**PROBLEM TO WORK ON**
Transcribe the entries exactly as given and skip whatever images they hold.
- Opening Delimiter -
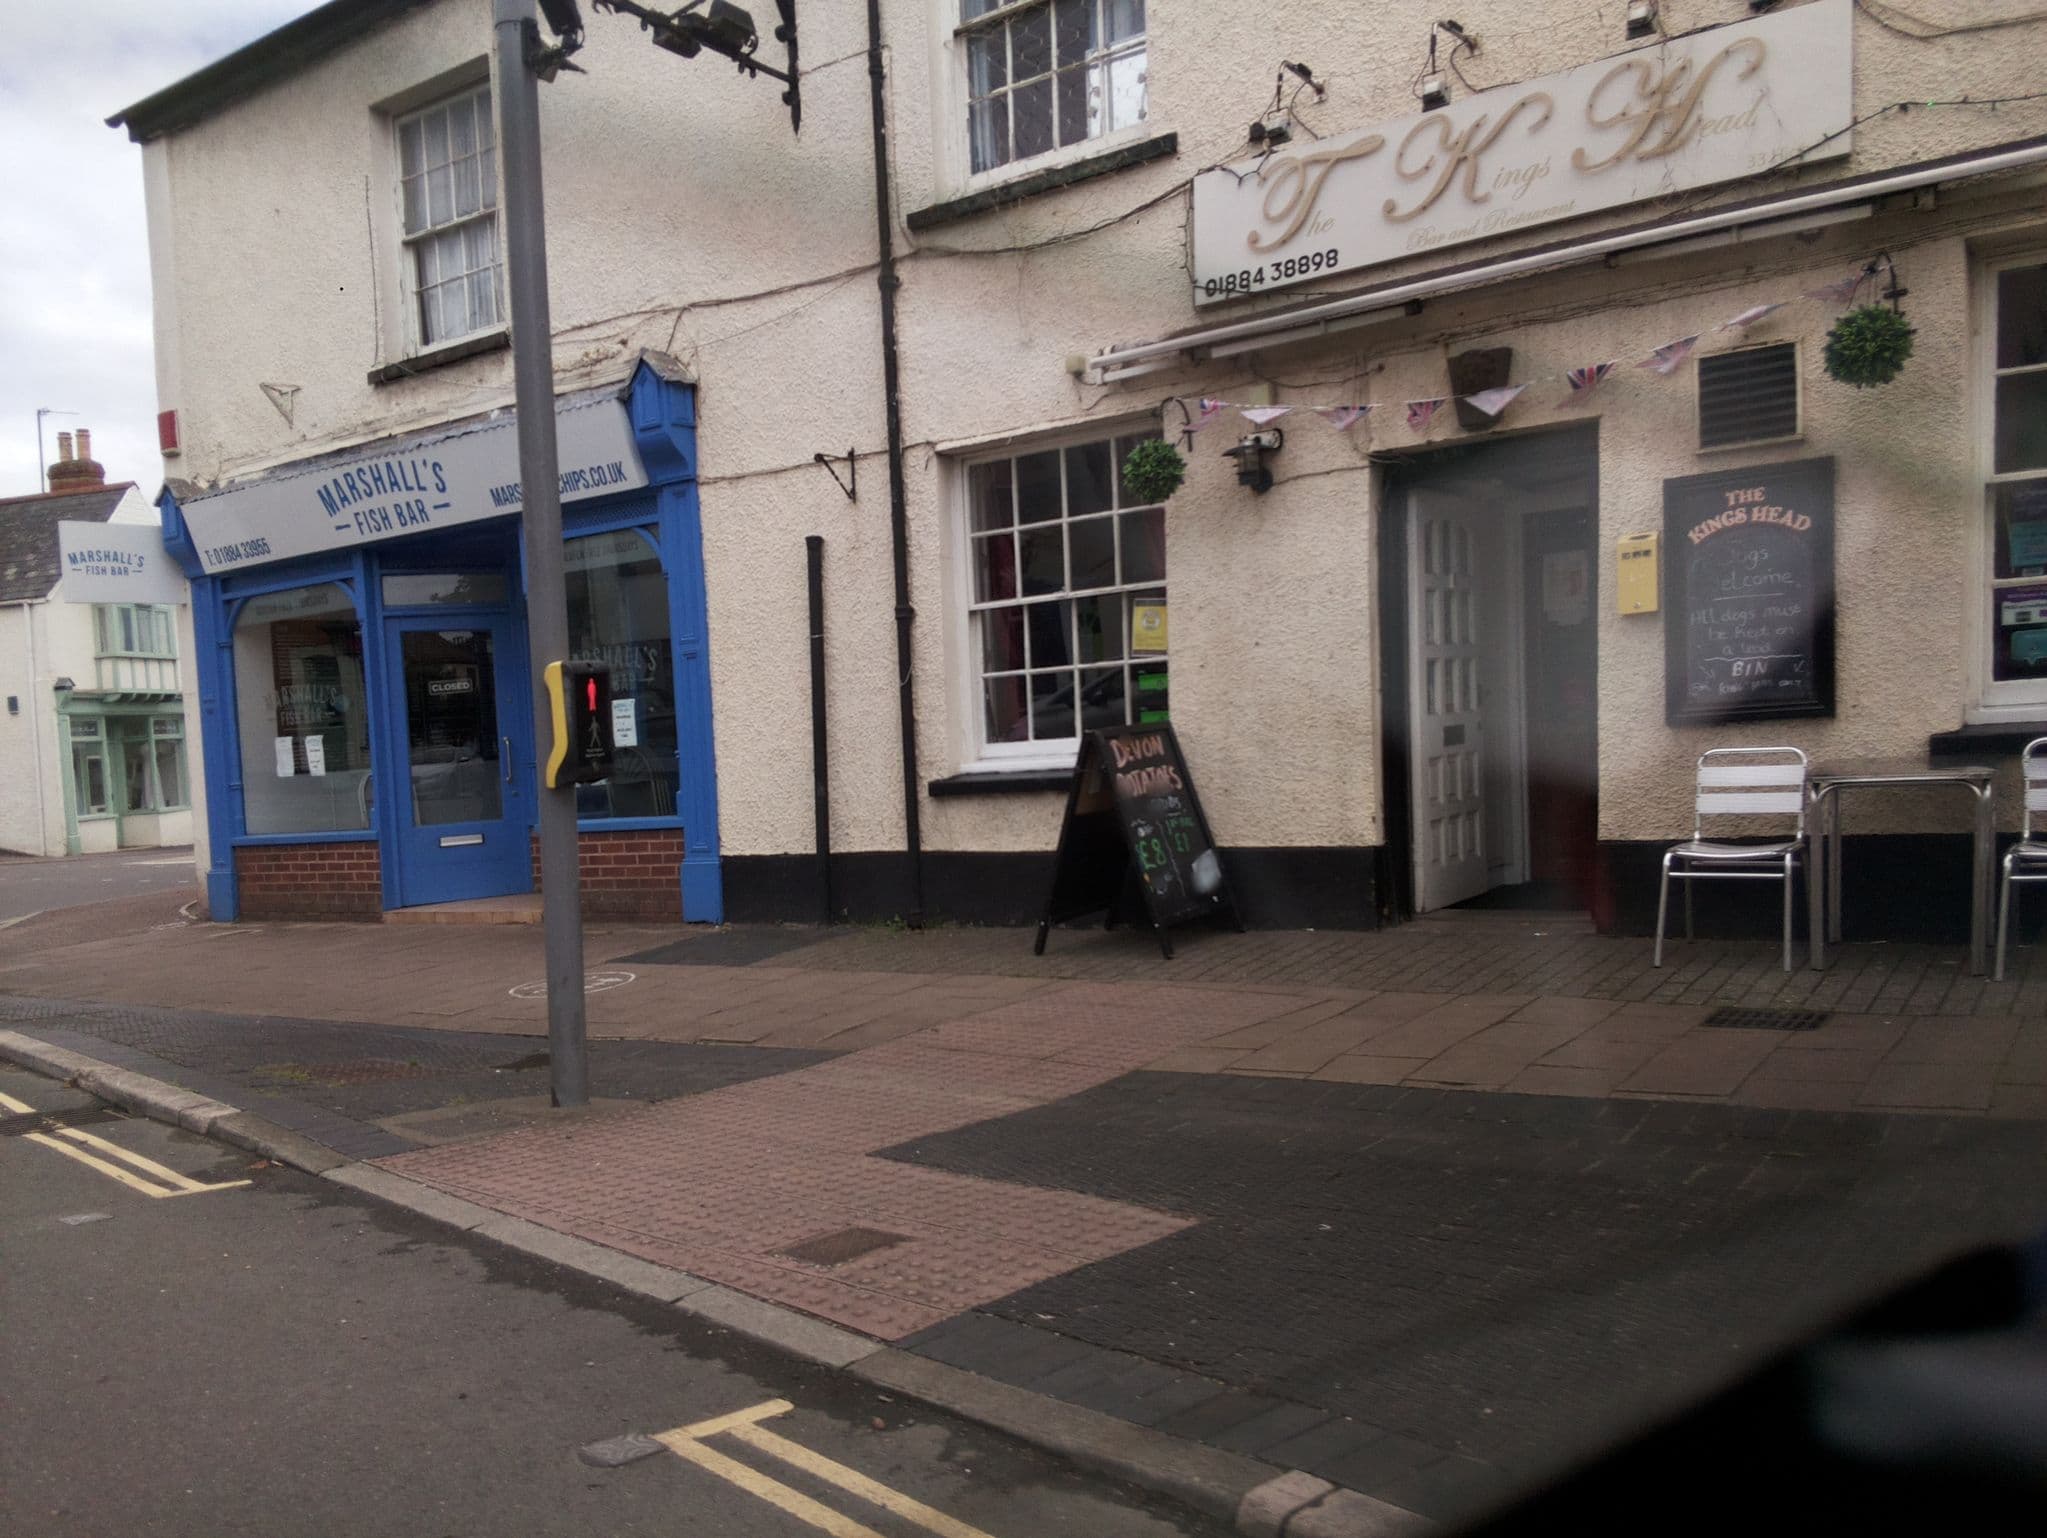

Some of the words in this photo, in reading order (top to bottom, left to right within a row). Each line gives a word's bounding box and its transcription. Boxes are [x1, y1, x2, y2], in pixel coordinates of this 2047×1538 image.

[1205, 267, 1265, 297] 01884
[1270, 248, 1339, 281] 38898
[316, 459, 448, 519] MARSHALL'S
[1725, 486, 1766, 507] THE
[354, 506, 393, 536] FISH
[400, 499, 430, 527] BAR
[1687, 506, 1747, 545] KINGS
[1751, 505, 1812, 531] HEAD
[67, 549, 145, 568] MARSHALL'S
[86, 565, 107, 576] FISH
[110, 566, 130, 577] BAR
[1731, 661, 1768, 677] BIN
[431, 682, 470, 692] CLOSED
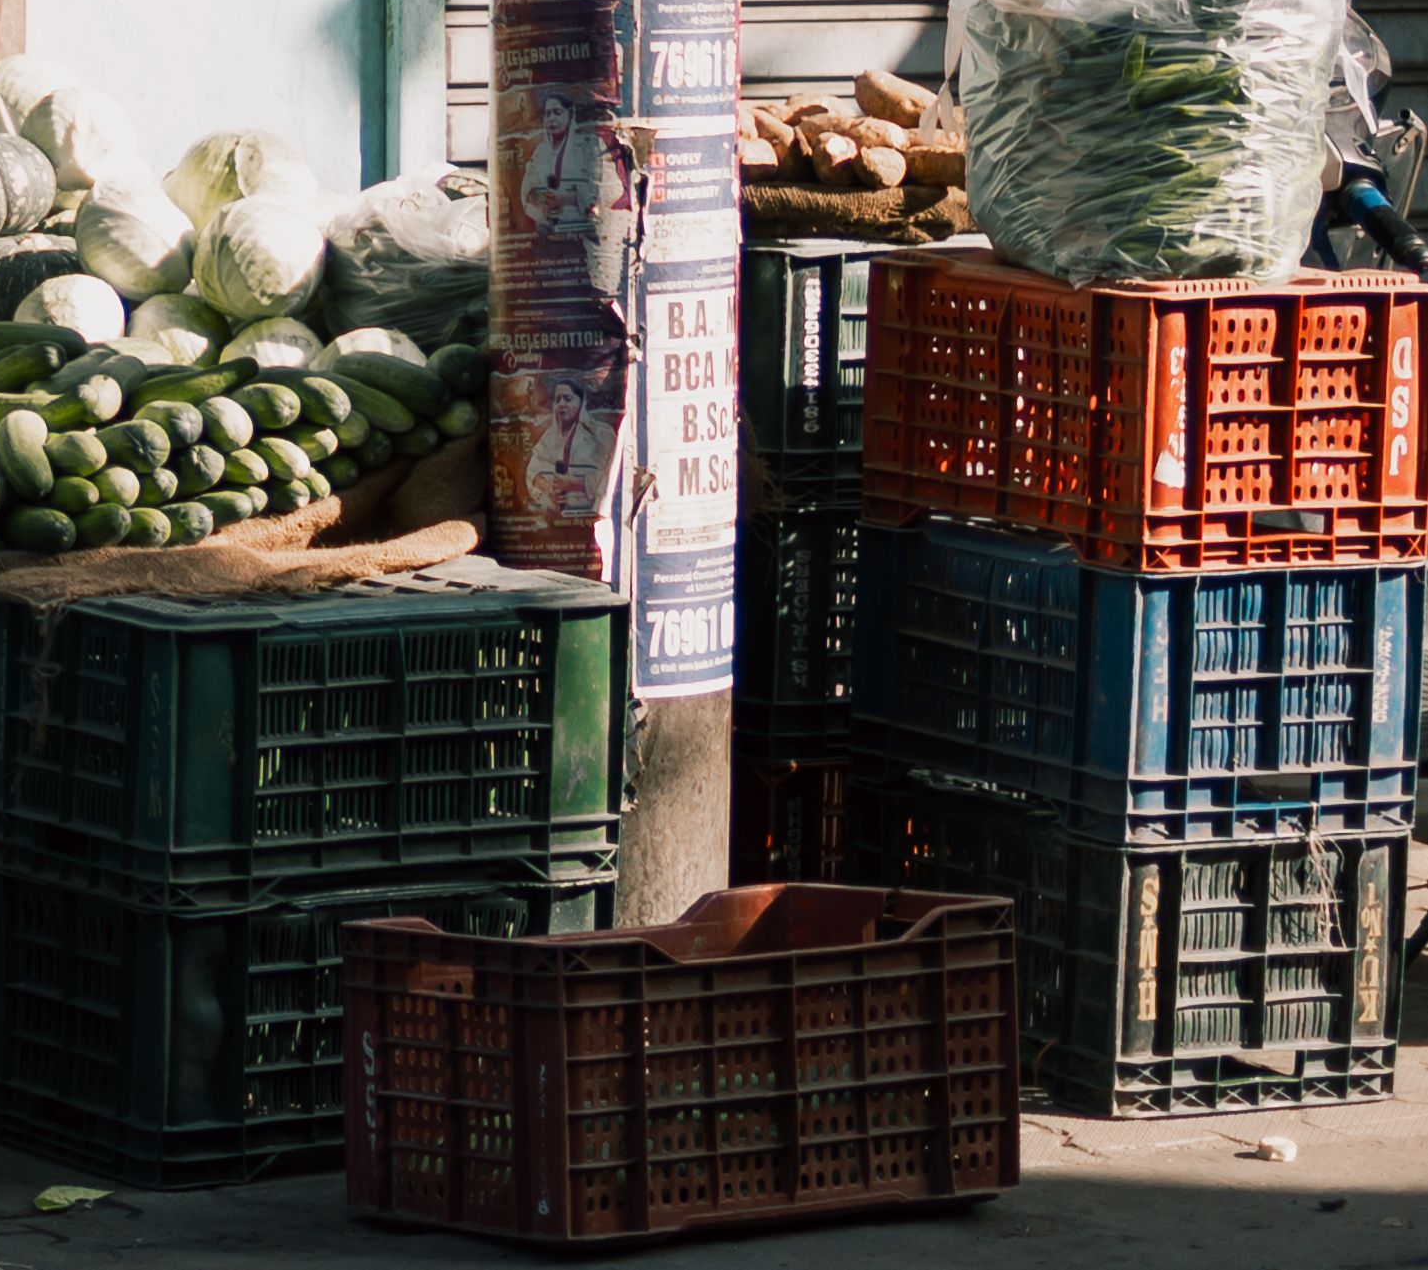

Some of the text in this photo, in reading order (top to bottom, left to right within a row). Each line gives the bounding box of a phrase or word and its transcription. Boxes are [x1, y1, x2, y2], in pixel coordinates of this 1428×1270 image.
- Closing Delimiter -
**REPLY TO THE EXERCISE**
Some of the words in this photo, in reading order (top to bottom, left to right within a row). Each line gives a word's bounding box and its transcription. Boxes are [x1, y1, x2, y2], in pixel coordinates of this 2047×1538 image.

[1205, 267, 1265, 297] 01884
[1270, 248, 1339, 281] 38898
[316, 459, 448, 519] MARSHALL'S
[1725, 486, 1766, 507] THE
[354, 506, 393, 536] FISH
[400, 499, 430, 527] BAR
[1687, 506, 1747, 545] KINGS
[1751, 505, 1812, 531] HEAD
[67, 549, 145, 568] MARSHALL'S
[86, 565, 107, 576] FISH
[110, 566, 130, 577] BAR
[1731, 661, 1768, 677] BIN
[431, 682, 470, 692] CLOSED

Some of the text in this photo, in reading order (top to bottom, left to right within a row). Each line gives the bounding box of a phrase or word and its transcription. Boxes are [x1, y1, x2, y2], in pixel coordinates of this 1428×1270 image.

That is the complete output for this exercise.